[Data provided]

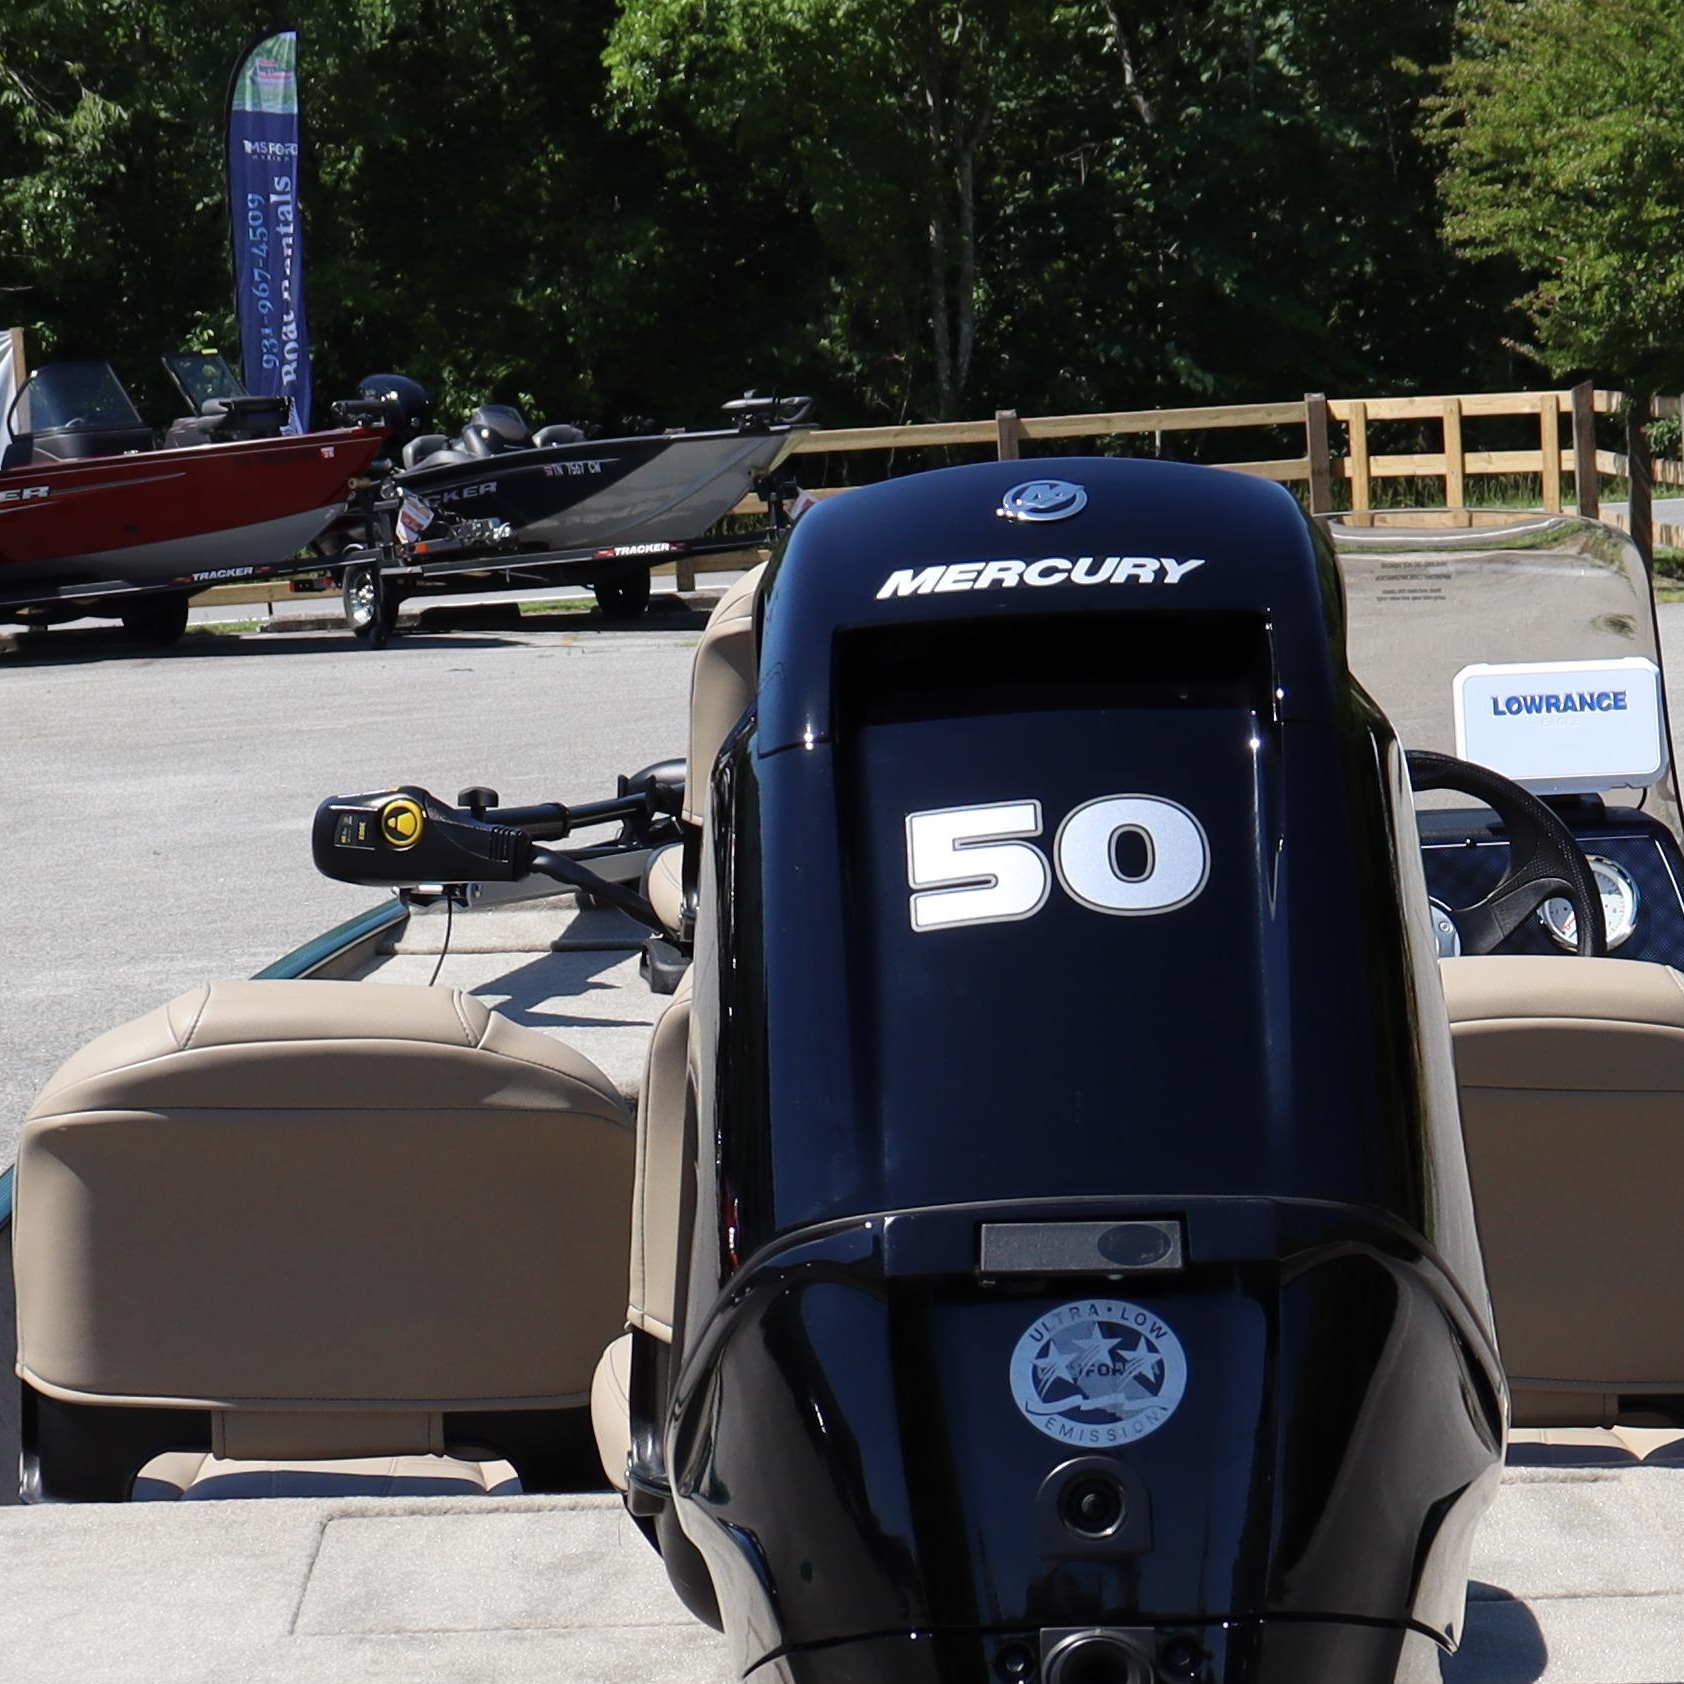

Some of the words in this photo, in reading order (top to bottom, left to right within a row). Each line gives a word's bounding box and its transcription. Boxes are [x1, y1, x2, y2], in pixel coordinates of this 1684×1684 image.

[247, 193, 279, 370] 931-967-4509
[613, 543, 671, 556] TRACKER
[191, 566, 254, 581] TRACKER
[875, 556, 1206, 600] MERCURY
[1491, 689, 1629, 717] LOWRANCE
[904, 792, 1212, 934] 50
[1029, 1304, 1100, 1343] ULTRA
[1120, 1307, 1168, 1340] LOW
[1044, 1411, 1163, 1443] EMISSION

[/Data provided]

What to do. Go through the listing above and quote it exactly, apart from its images.

Solution to this task.
Some of the words in this photo, in reading order (top to bottom, left to right within a row). Each line gives a word's bounding box and its transcription. Boxes are [x1, y1, x2, y2], in pixel coordinates of this 1684×1684 image.

[247, 193, 279, 370] 931-967-4509
[613, 543, 671, 556] TRACKER
[191, 566, 254, 581] TRACKER
[875, 556, 1206, 600] MERCURY
[1491, 689, 1629, 717] LOWRANCE
[904, 792, 1212, 934] 50
[1029, 1304, 1100, 1343] ULTRA
[1120, 1307, 1168, 1340] LOW
[1044, 1411, 1163, 1443] EMISSION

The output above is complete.